Besides legal obligations, European nations have a particular responsibility to accept refugees and treat them with respect, given Europe’s experience with the horrors of racism and religious bigotry in the first half of the twentieth century as well as its advocacy for human rights and the rights of stateless persons since the end of World War II.

One should not have to remind Europe of the darkness of the 1930s, when unwanted Others within European borders were scuttled from one state to another, finding safety nowhere. Germany’s “Polish Action” in 1938, when Germany forced an estimated 17,000 stateless Jews of Polish origin over the Polish border, where they ended up stuck in a no-man’s-land between the two countries over the cold winter months, is only one example of the horrors that result from rampant xenophobia and a disregard for the humanity of refugees and stateless persons.

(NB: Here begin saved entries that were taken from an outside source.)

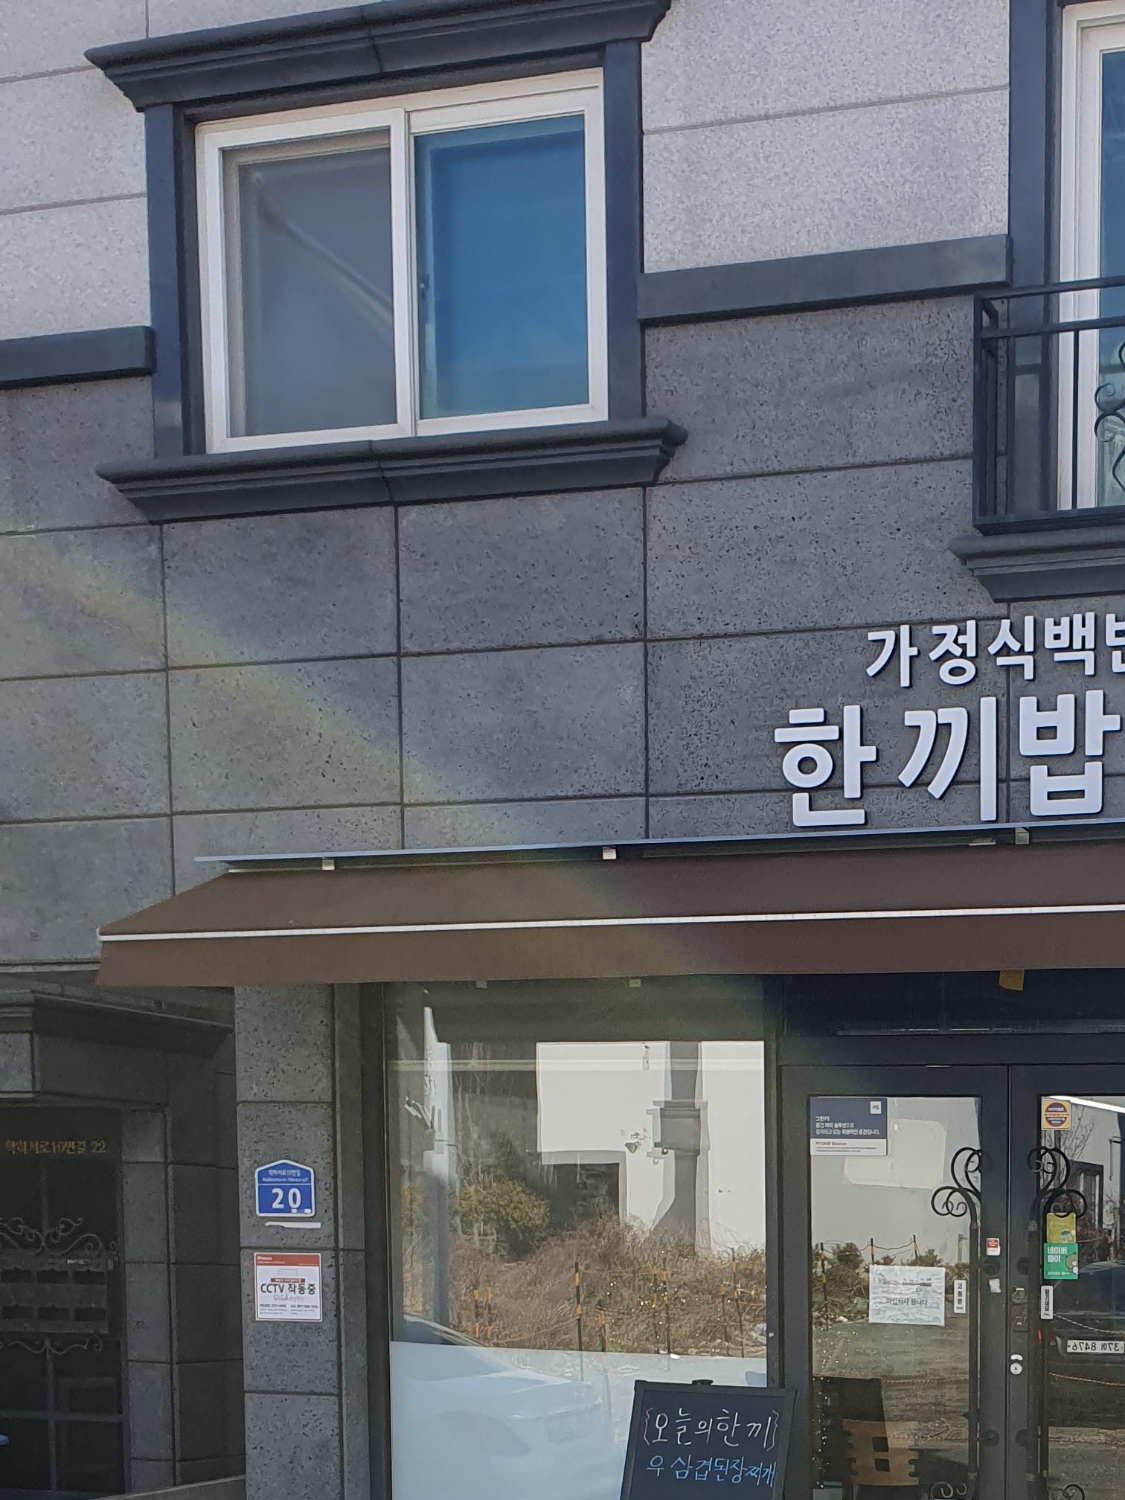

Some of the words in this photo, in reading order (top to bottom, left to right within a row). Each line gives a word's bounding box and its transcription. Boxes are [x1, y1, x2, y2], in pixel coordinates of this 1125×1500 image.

[90, 1139, 107, 1154] 22
[271, 1187, 302, 1209] 20
[1047, 1246, 1068, 1255] 네이버
[260, 1283, 285, 1294] CCTV
[287, 1283, 316, 1295] 작동중

The crisis on the Belarusian-Polish border is emblematic of the failure of Western foreign policy and the brutality of post-Cold War Western imperialism, especially when faced with blowback from its own efforts. Most of the people on the Polish border appear to be from Afghanistan, Iraq, and Libya, three countries destabilized by the US-led ‘war on terror,’ which European nations supported in various ways, including, in Poland’s case, by allowing the CIA to operate a ‘black site’ on its territory. The United States, for its part, is behaving in a similar fashion on its border with Mexico, where it is still preventing refugees from entering and subjecting them to brutal treatment and unsafe conditions in the borderlands.

Powerful nations in Europe and North America are largely responsible for the flow of refugees and therefore must open their borders to them.

The refugees on the Polish-Belarusian border should be granted entry to European states and afforded the rights that are outlined in the Universal Declaration of Human Rights, the 1951 Convention Relating to the Status of Refugees, the 1967 Protocol, and the particular agreements signed in the development of a Common European Asylum System. If Europe were to live up to its own values, neither Belarus nor any other country could dream of “weaponizing” human beings in order to punish EU countries.